*DIRECTIONS*: Transcribe each record exactly; skip any picture.

*RECORDED INFORMATION*:
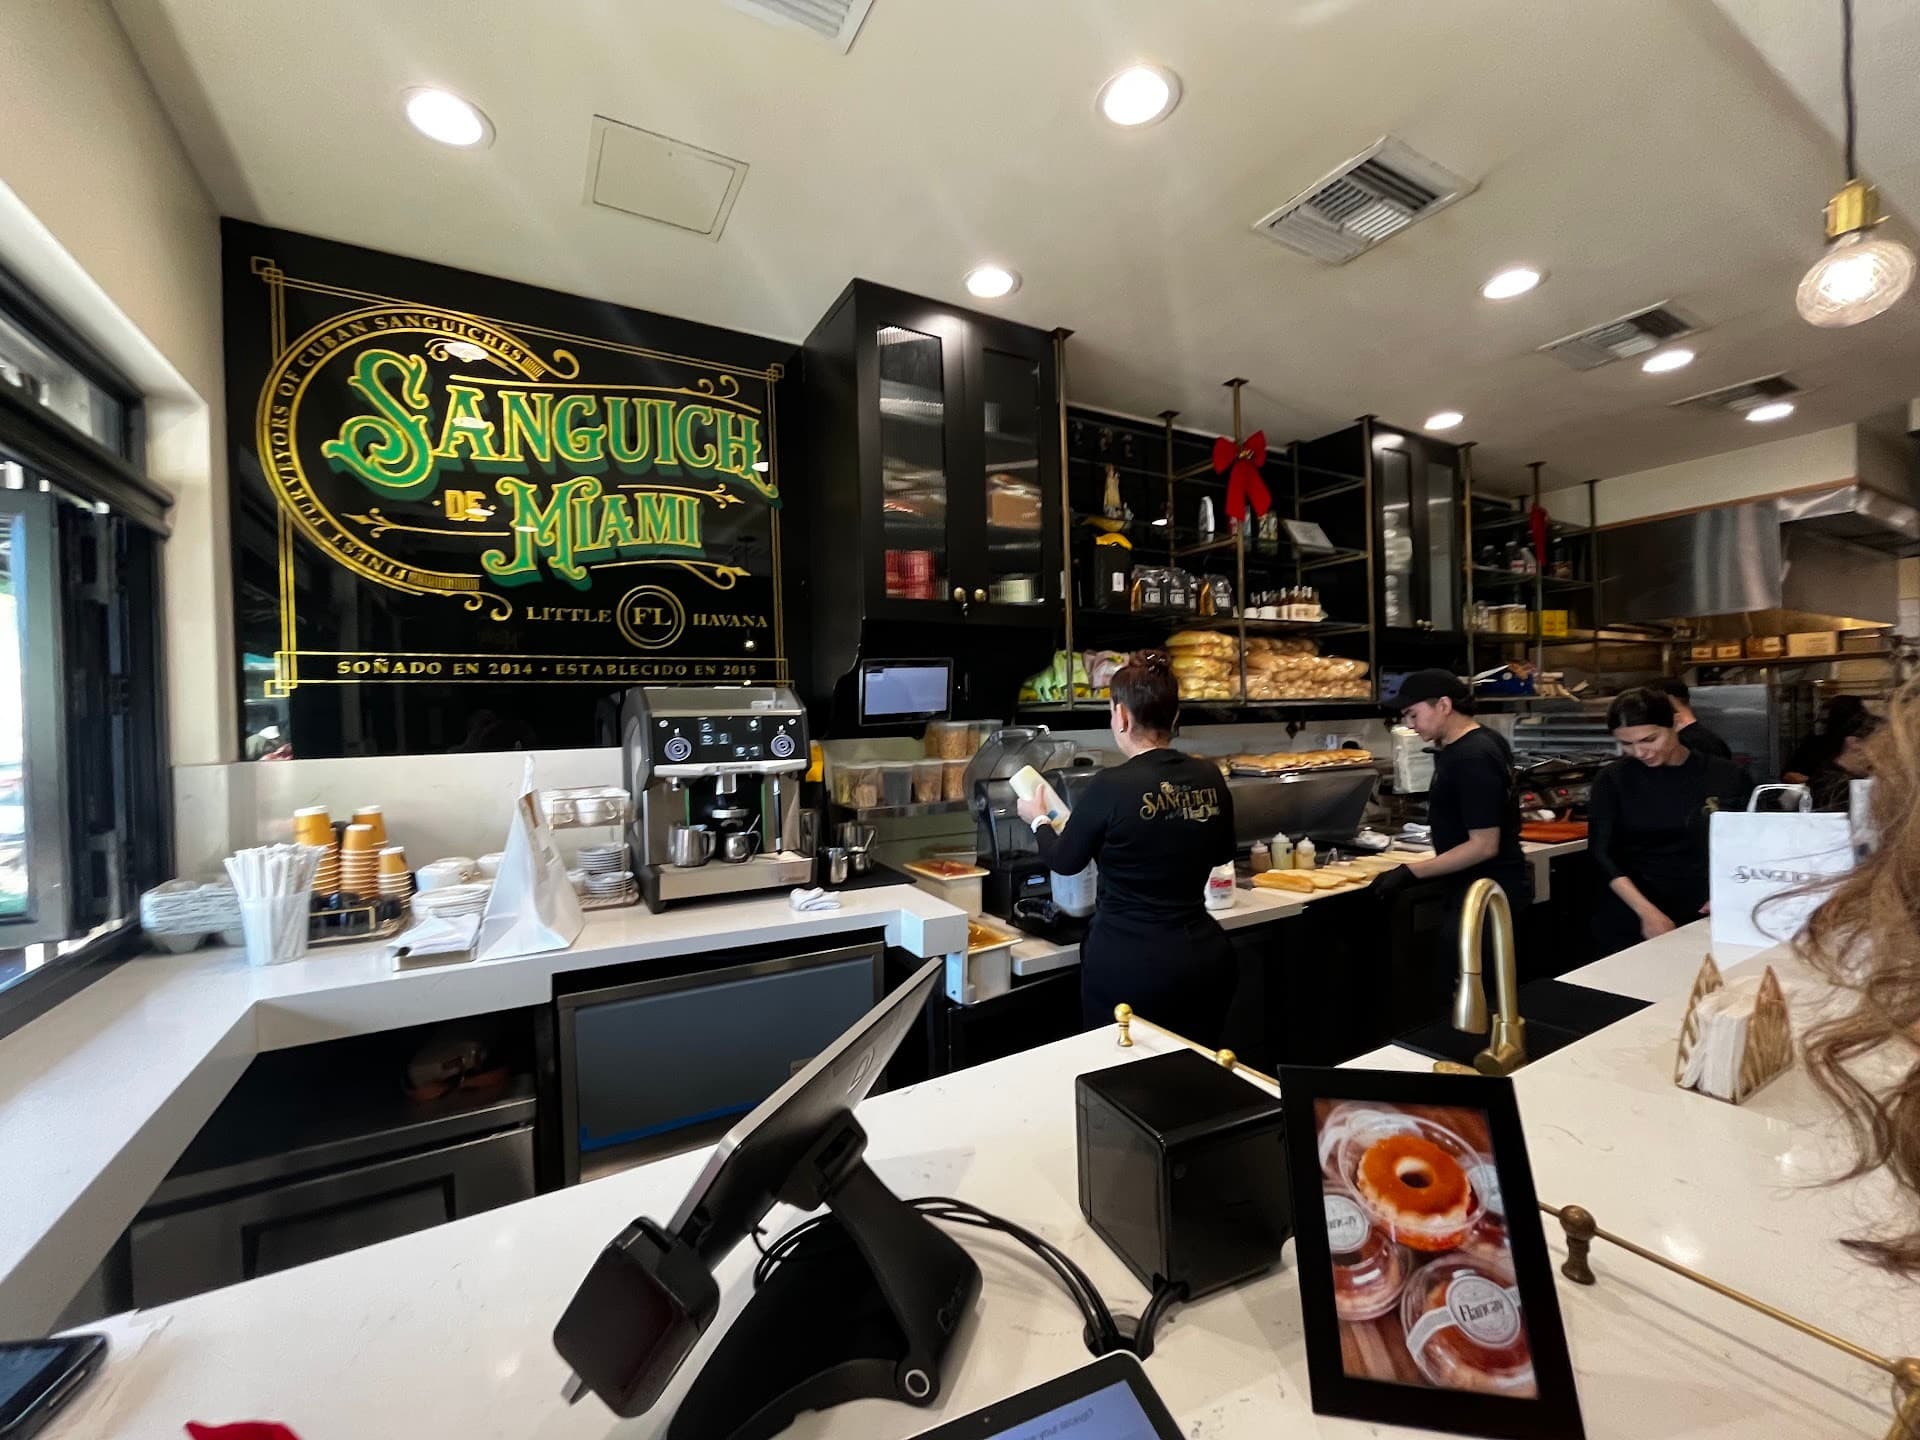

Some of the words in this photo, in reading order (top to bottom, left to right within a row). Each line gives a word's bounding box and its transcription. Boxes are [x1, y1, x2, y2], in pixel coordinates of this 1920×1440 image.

[298, 320, 368, 368] CUBAN
[373, 313, 523, 360] SANGUICHES
[278, 370, 300, 397] OF
[320, 348, 780, 499] SANGUICH
[271, 405, 327, 527] PURVEYORS
[444, 489, 488, 522] DE
[481, 476, 703, 581] MIAMI
[328, 532, 409, 582] FINEST
[526, 605, 613, 623] LITTLE
[632, 606, 673, 627] FL
[692, 612, 769, 628] HAVANA
[336, 657, 443, 675] SOÑADO
[453, 662, 480, 676] EN
[488, 662, 533, 676] 2014
[555, 662, 688, 677] ESTABLECIDO
[695, 663, 716, 677] EN
[722, 663, 758, 677] 2015
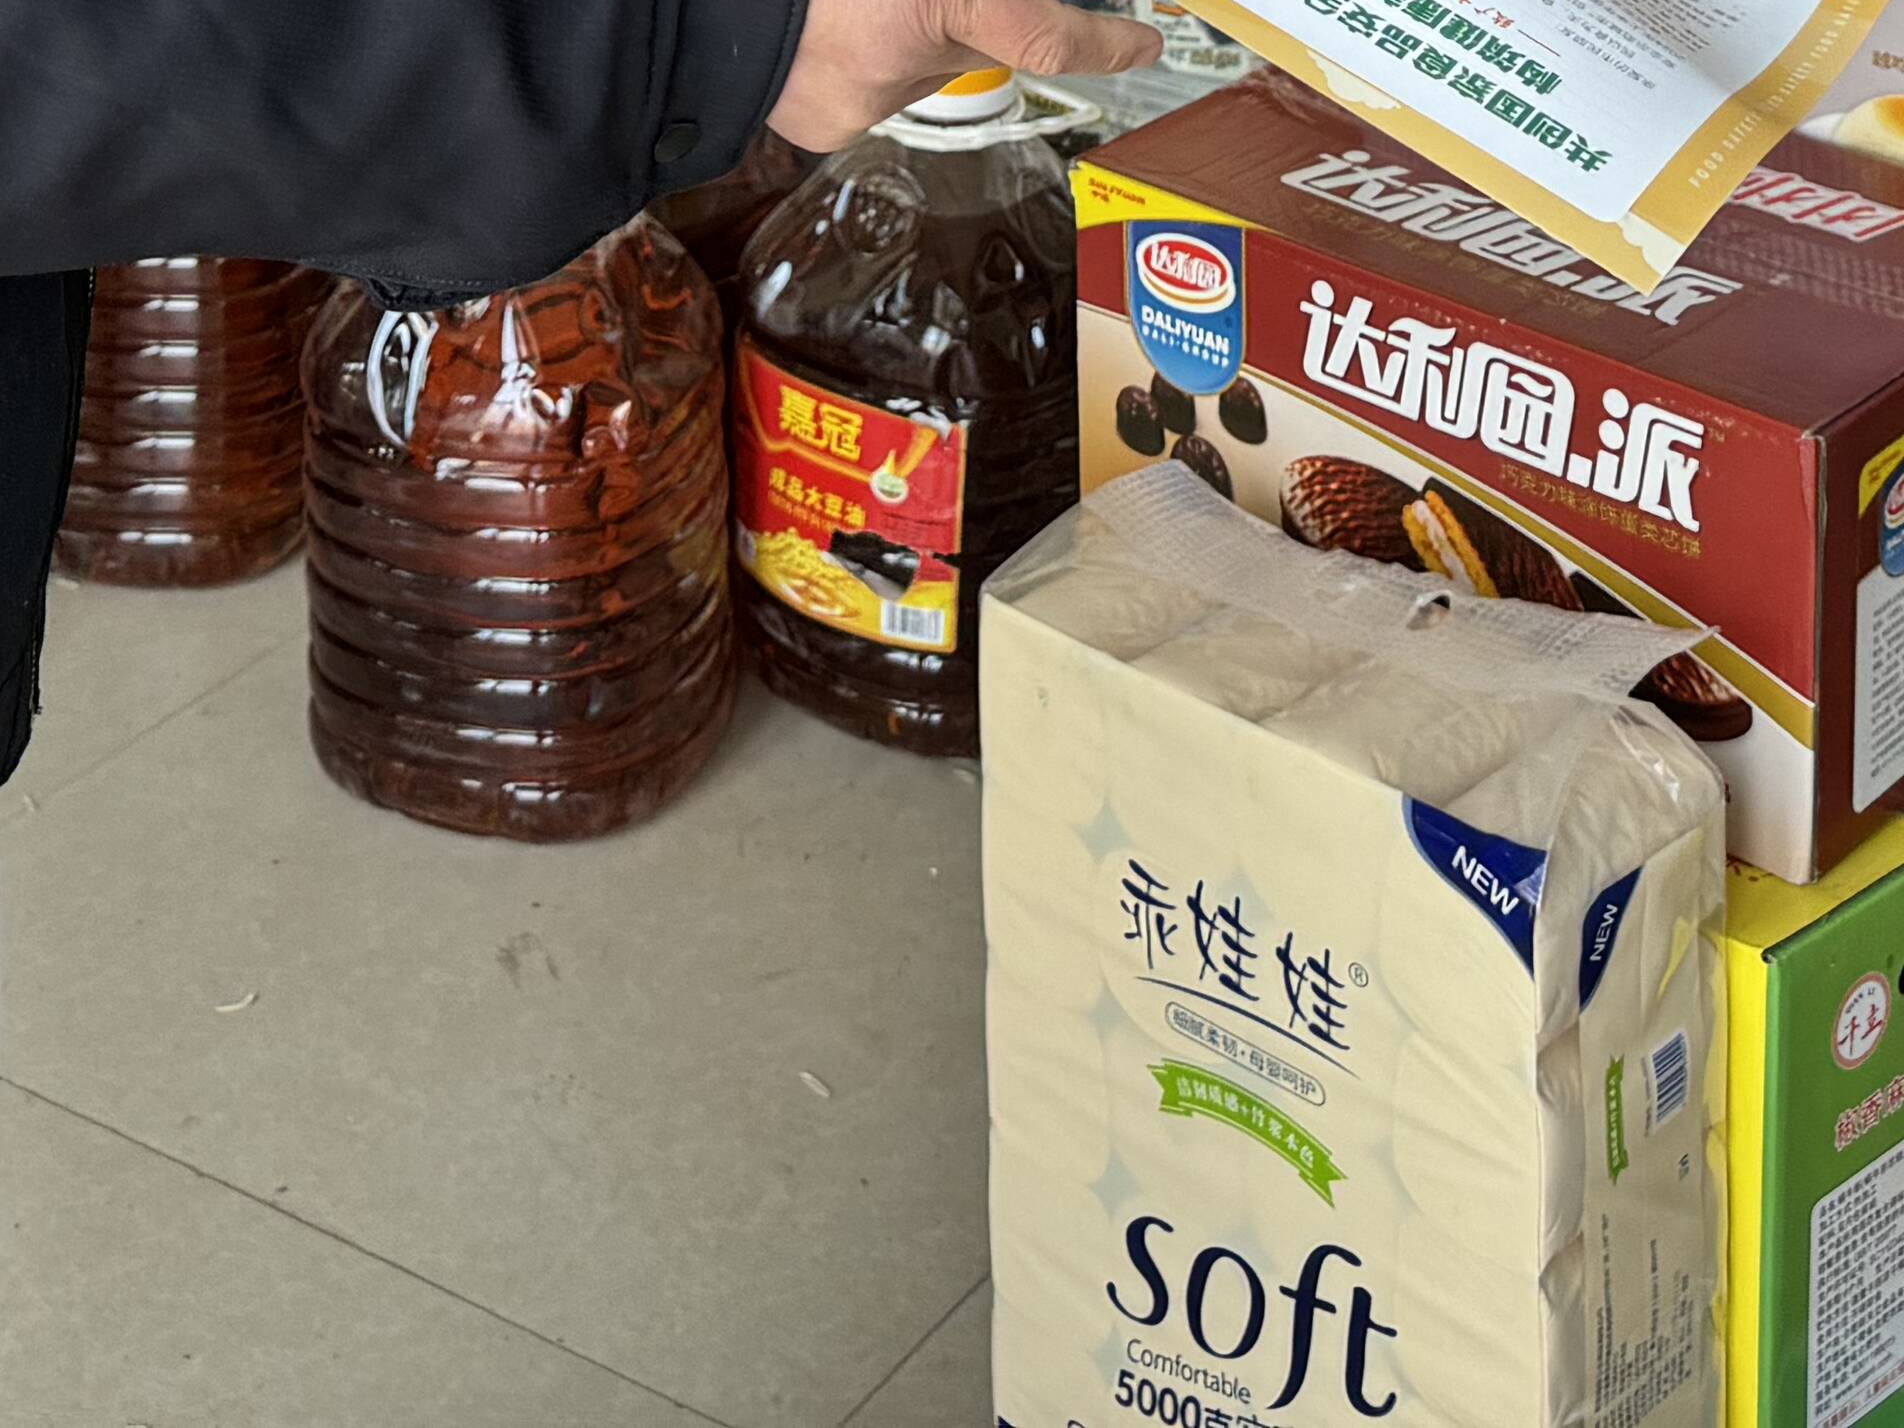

*YOUR RESPONSE*:
Some of the words in this photo, in reading order (top to bottom, left to right within a row). Each line gives a word's bounding box and its transcription. Boxes are [x1, y1, x2, y2], in pixel coordinates of this 1920×1440 image.

[298, 320, 368, 368] CUBAN
[373, 313, 523, 360] SANGUICHES
[278, 370, 300, 397] OF
[320, 348, 780, 499] SANGUICH
[271, 405, 327, 527] PURVEYORS
[444, 489, 488, 522] DE
[481, 476, 703, 581] MIAMI
[328, 532, 409, 582] FINEST
[526, 605, 613, 623] LITTLE
[632, 606, 673, 627] FL
[692, 612, 769, 628] HAVANA
[336, 657, 443, 675] SOÑADO
[453, 662, 480, 676] EN
[488, 662, 533, 676] 2014
[555, 662, 688, 677] ESTABLECIDO
[695, 663, 716, 677] EN
[722, 663, 758, 677] 2015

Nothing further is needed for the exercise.